Restate all data exactly. No images.
***** DATA SUPPLIED *****
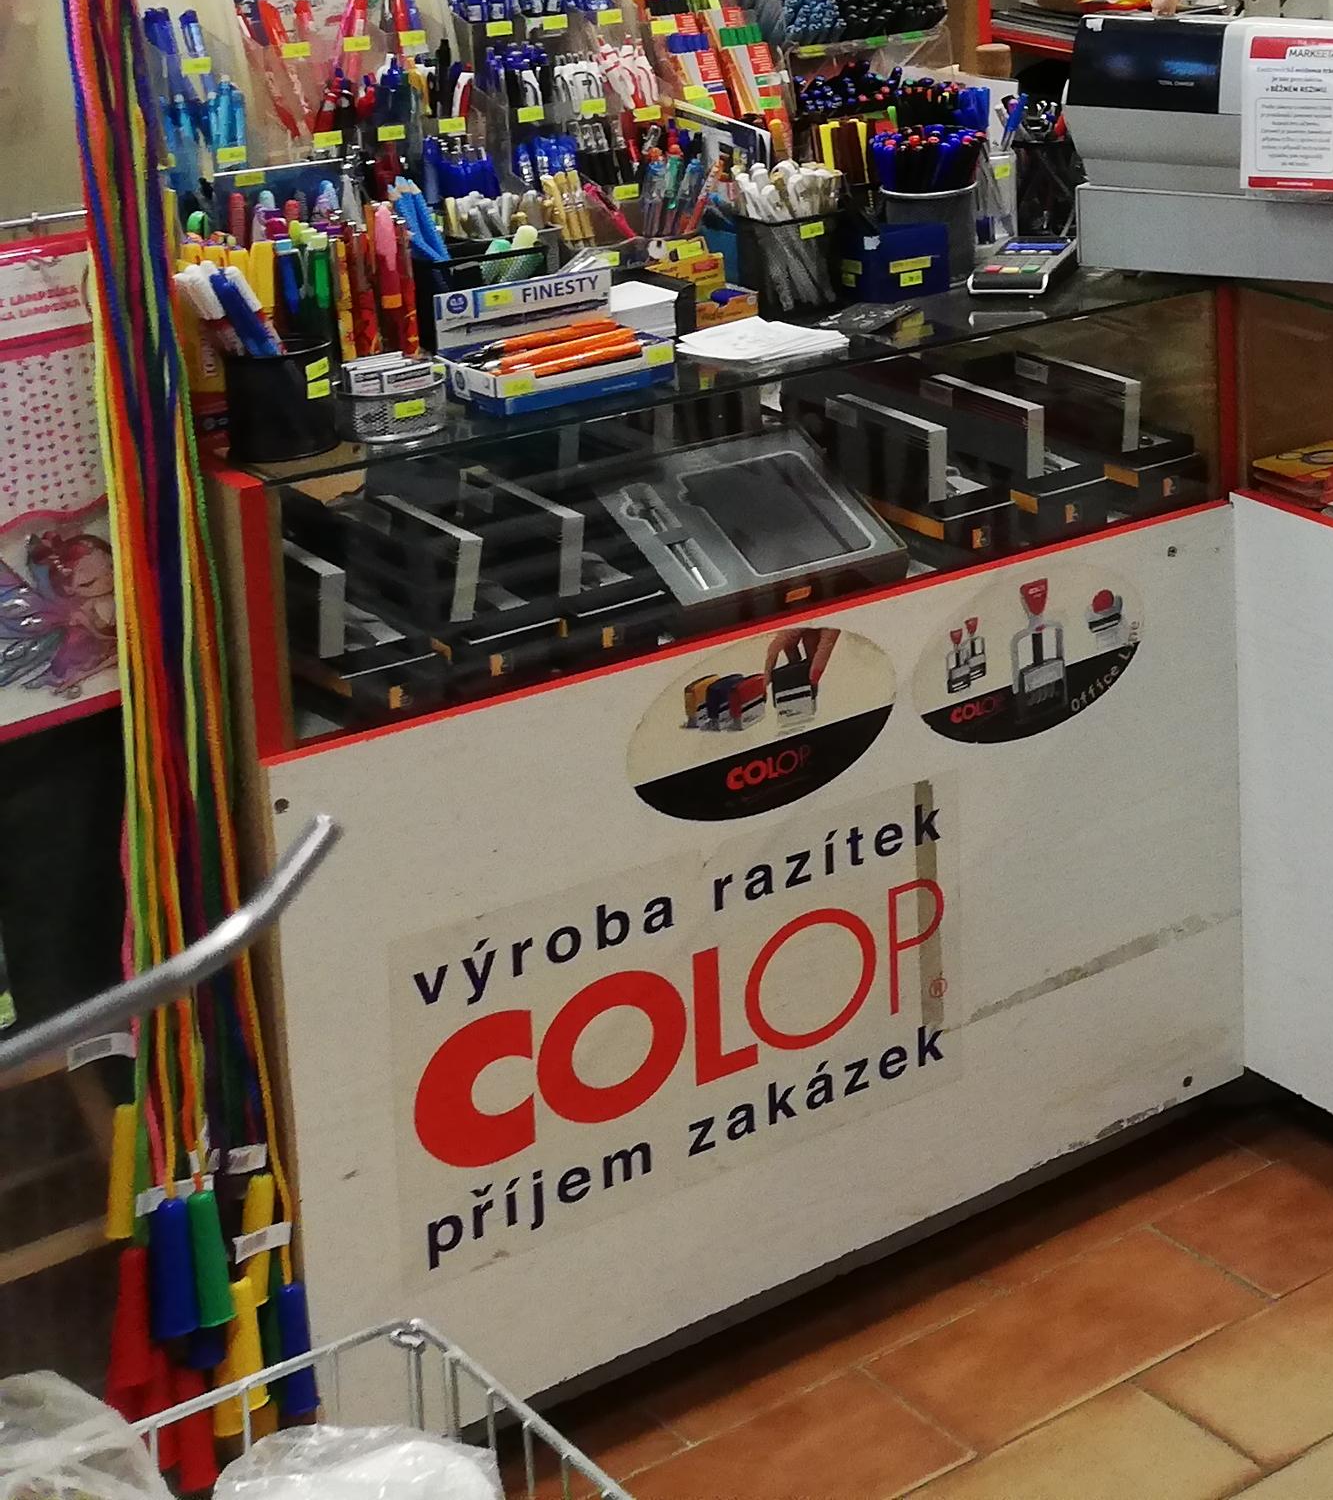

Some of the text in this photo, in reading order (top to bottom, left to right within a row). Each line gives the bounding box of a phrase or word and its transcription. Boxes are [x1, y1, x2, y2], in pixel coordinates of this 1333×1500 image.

[522, 274, 600, 304] FINESTY
[1069, 618, 1143, 713] Office Line
[725, 744, 812, 791] COLOP
[413, 802, 942, 1008] výroba razítek
[414, 878, 946, 1168] COLOP
[425, 1025, 947, 1268] příjem zakázek
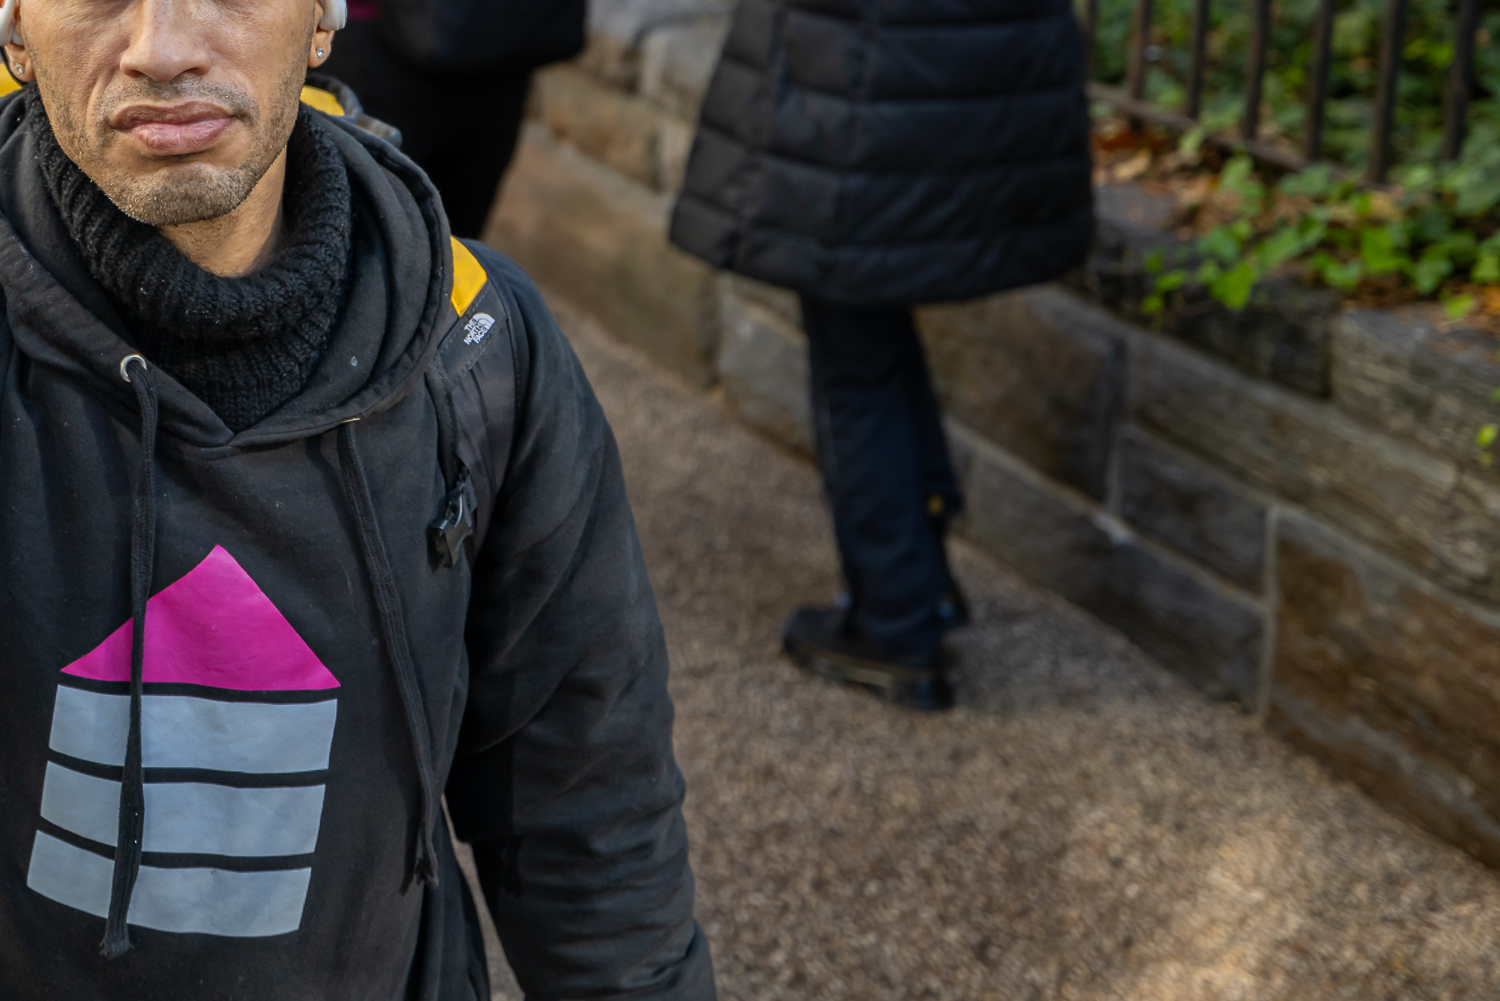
*****
● TASK OUTPUT
Some of the text in this photo, in reading order (top to bottom, left to right within a row). Each line gives the bounding box of a phrase or word and its transcription. Boxes are [x1, y1, x2, y2], in pixel coordinates of this 1333×1500 image.

[522, 274, 600, 304] FINESTY
[1069, 618, 1143, 713] Office Line
[725, 744, 812, 791] COLOP
[413, 802, 942, 1008] výroba razítek
[414, 878, 946, 1168] COLOP
[425, 1025, 947, 1268] příjem zakázek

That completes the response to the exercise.